* [Collection entries]:
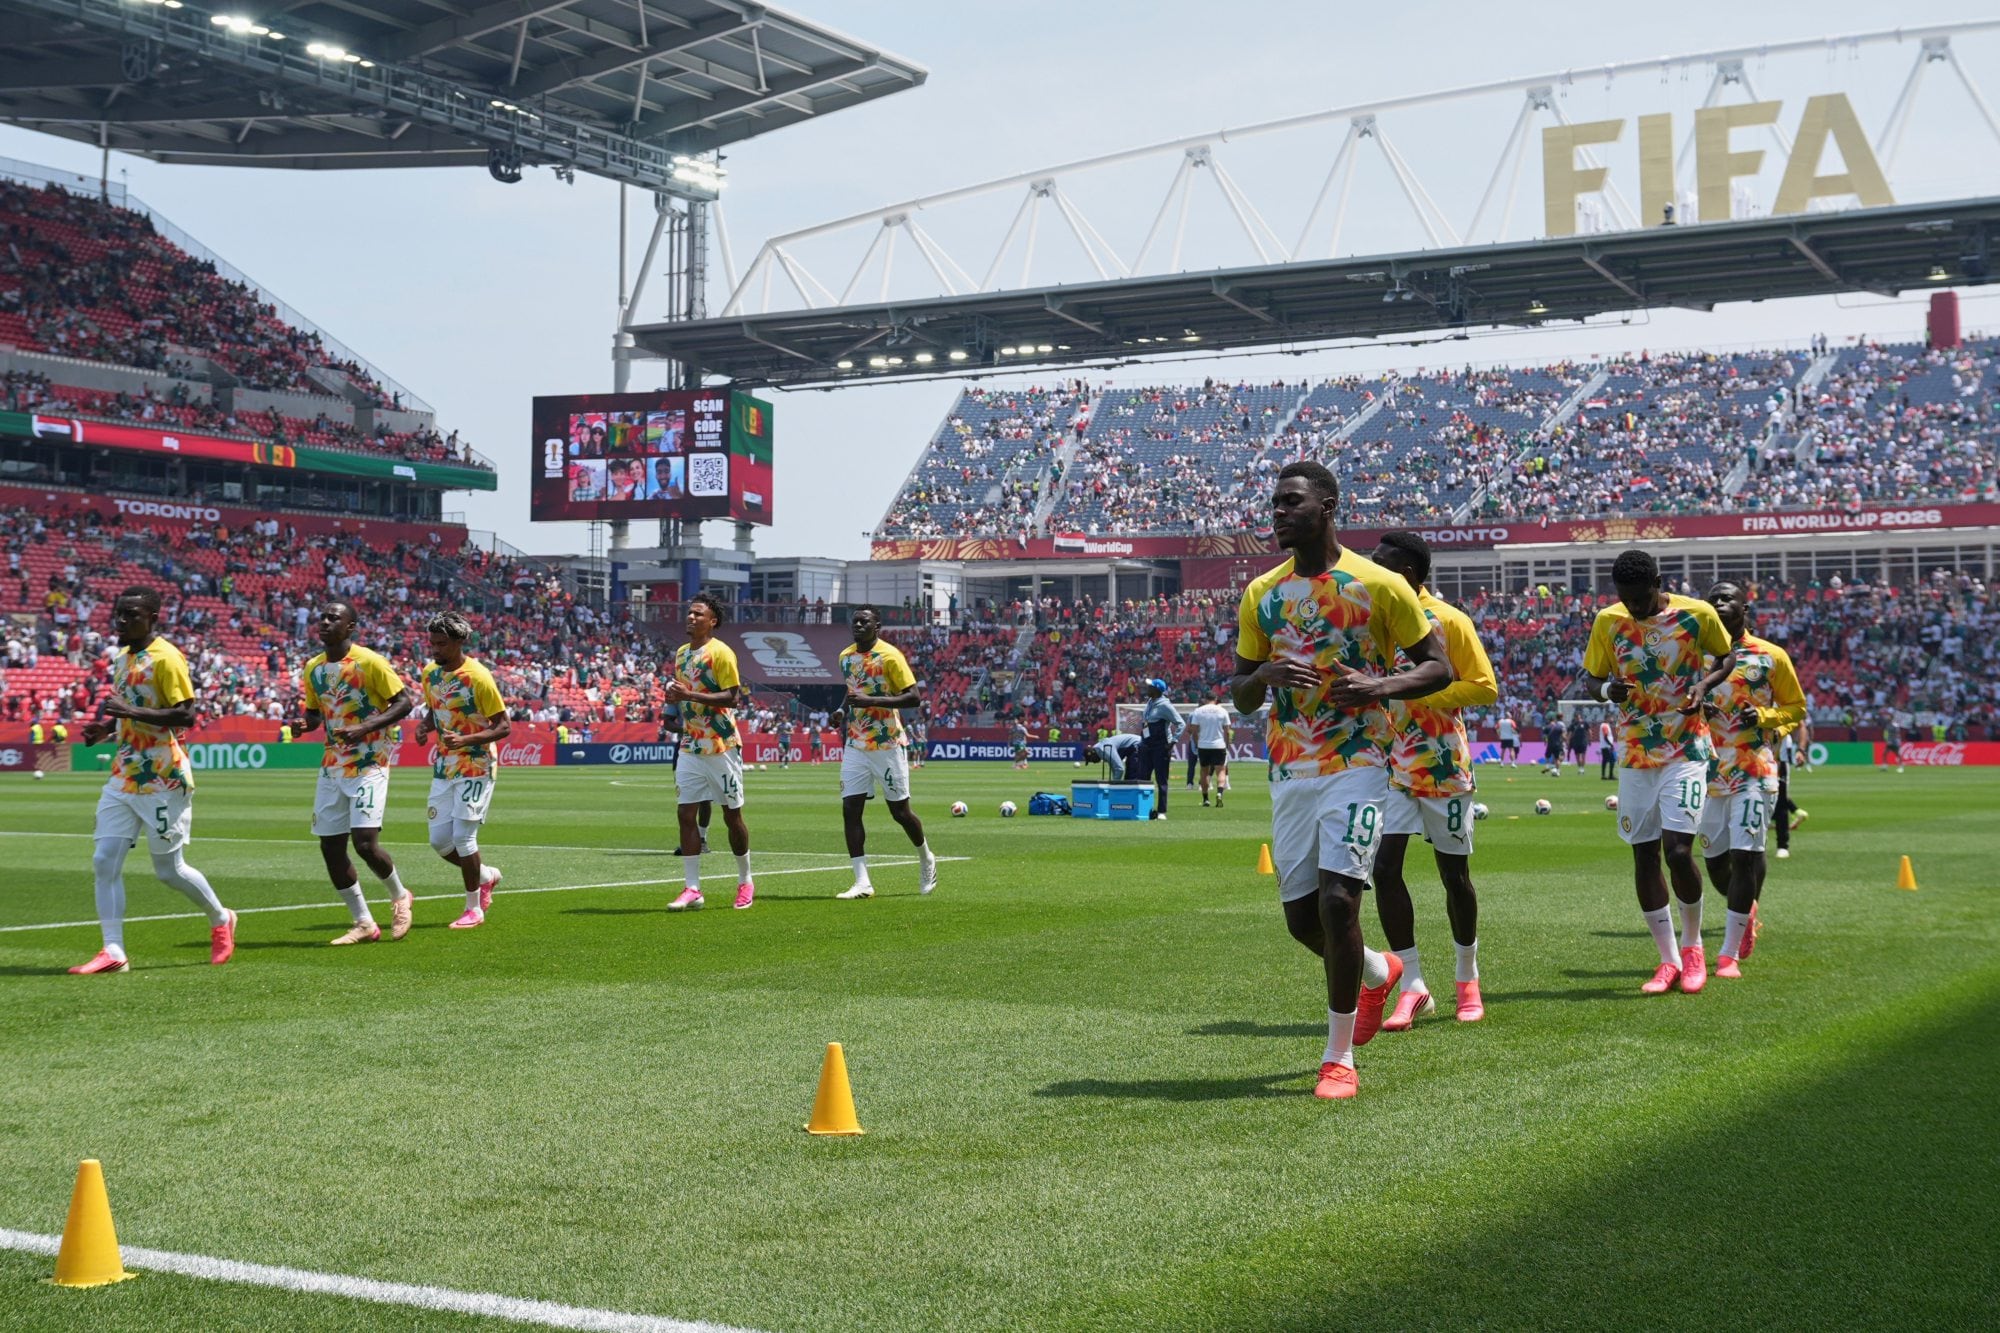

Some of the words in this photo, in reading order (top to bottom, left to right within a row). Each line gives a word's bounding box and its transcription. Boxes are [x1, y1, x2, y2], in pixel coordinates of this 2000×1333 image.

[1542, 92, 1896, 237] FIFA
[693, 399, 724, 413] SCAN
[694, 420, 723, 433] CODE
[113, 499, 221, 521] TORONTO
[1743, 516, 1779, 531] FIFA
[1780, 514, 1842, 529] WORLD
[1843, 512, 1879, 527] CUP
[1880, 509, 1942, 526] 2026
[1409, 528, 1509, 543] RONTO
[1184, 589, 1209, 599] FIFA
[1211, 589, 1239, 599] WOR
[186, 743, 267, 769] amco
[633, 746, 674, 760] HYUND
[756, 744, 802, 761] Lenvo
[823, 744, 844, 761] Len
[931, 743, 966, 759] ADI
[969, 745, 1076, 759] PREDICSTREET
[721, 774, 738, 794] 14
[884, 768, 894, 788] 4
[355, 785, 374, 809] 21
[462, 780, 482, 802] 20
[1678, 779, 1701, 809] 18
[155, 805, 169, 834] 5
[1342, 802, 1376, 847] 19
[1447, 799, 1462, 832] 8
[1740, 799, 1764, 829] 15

* [Problem]:
Reproduce every record in full. Leave out the images.

* [Answer space]:
Some of the words in this photo, in reading order (top to bottom, left to right within a row). Each line gives a word's bounding box and its transcription. Boxes are [x1, y1, x2, y2], in pixel coordinates of this 2000×1333 image.

[1542, 92, 1896, 237] FIFA
[693, 399, 724, 413] SCAN
[694, 420, 723, 433] CODE
[113, 499, 221, 521] TORONTO
[1743, 516, 1779, 531] FIFA
[1780, 514, 1842, 529] WORLD
[1843, 512, 1879, 527] CUP
[1880, 509, 1942, 526] 2026
[1409, 528, 1509, 543] RONTO
[1184, 589, 1209, 599] FIFA
[1211, 589, 1239, 599] WOR
[186, 743, 267, 769] amco
[633, 746, 674, 760] HYUND
[756, 744, 802, 761] Lenvo
[823, 744, 844, 761] Len
[931, 743, 966, 759] ADI
[969, 745, 1076, 759] PREDICSTREET
[721, 774, 738, 794] 14
[884, 768, 894, 788] 4
[355, 785, 374, 809] 21
[462, 780, 482, 802] 20
[1678, 779, 1701, 809] 18
[155, 805, 169, 834] 5
[1342, 802, 1376, 847] 19
[1447, 799, 1462, 832] 8
[1740, 799, 1764, 829] 15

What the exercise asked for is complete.